The Nerdy Bully is what happens when a nerd uses his talents to act with typical bullying characteristics, abusing his power, skills, and knowledge to make life hellish for others. They tend to show up in works centered at institutions that are nerdy to begin with, such as schools that specialize in math and science, and they also sometimes have an aggressively atheist or antitheist bent. If caught, you can expect a flustered insistence that he can't possibly be a bully because he's just a nerd...no matter how obvious his abusive behavior is to the others in the room (which one of them may have recorded in some way).

If he was a victim of bullying himself (in which case compare He Who Fights Monsters), he might invoke Who's Laughing Now?. More often than not, they're the Insufferable Genius or a Bitch in Sheep's Clothing.
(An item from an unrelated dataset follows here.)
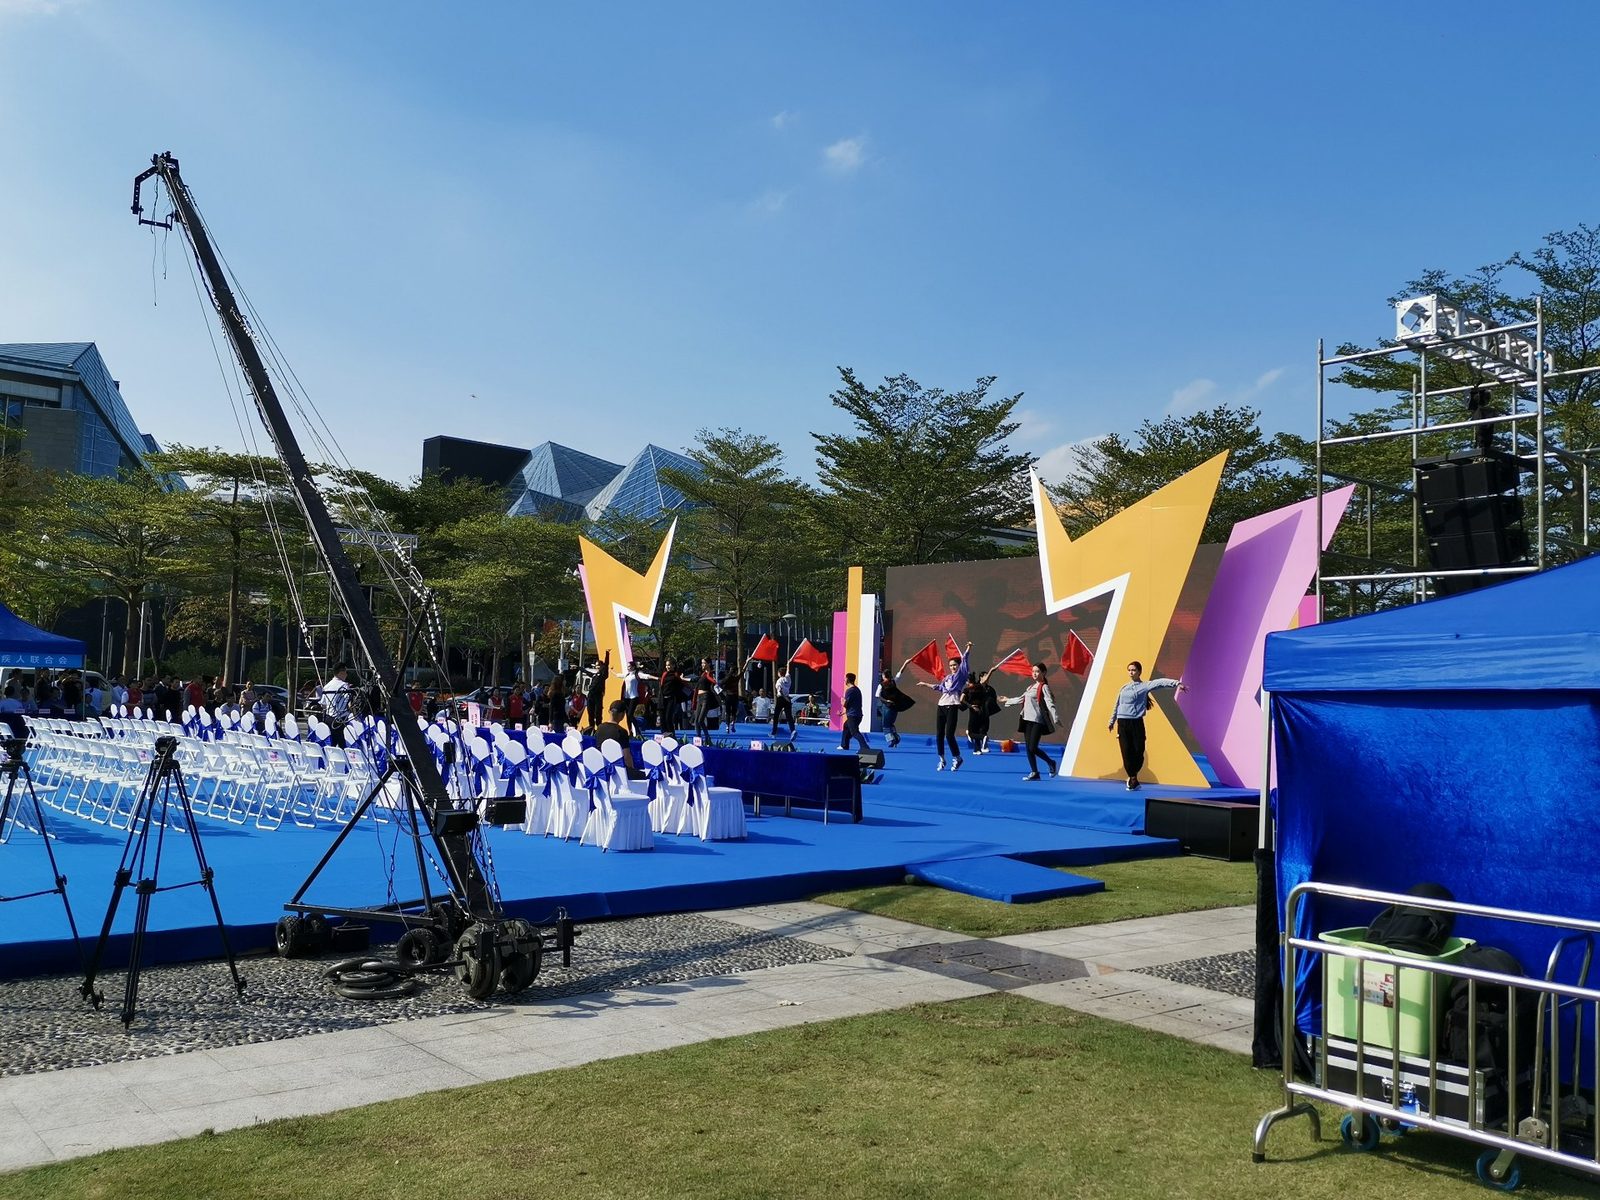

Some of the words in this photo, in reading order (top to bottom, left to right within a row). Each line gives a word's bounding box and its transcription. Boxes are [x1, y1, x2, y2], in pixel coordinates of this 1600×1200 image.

Compare to Academic Alpha Bitch, who's unpleasant but generally more goal-oriented and rule-abiding; Evil Nerd, who is unpleasant and goal-oriented, but definitely not rule-abiding; and Even Nerds Have Standards, which they find other nerds more pathetic. The Proud Scholar Race is often ruled by Nerdy Bullies. Characters who subscribe to Academia Elitism are sometimes Nerdy Bullies.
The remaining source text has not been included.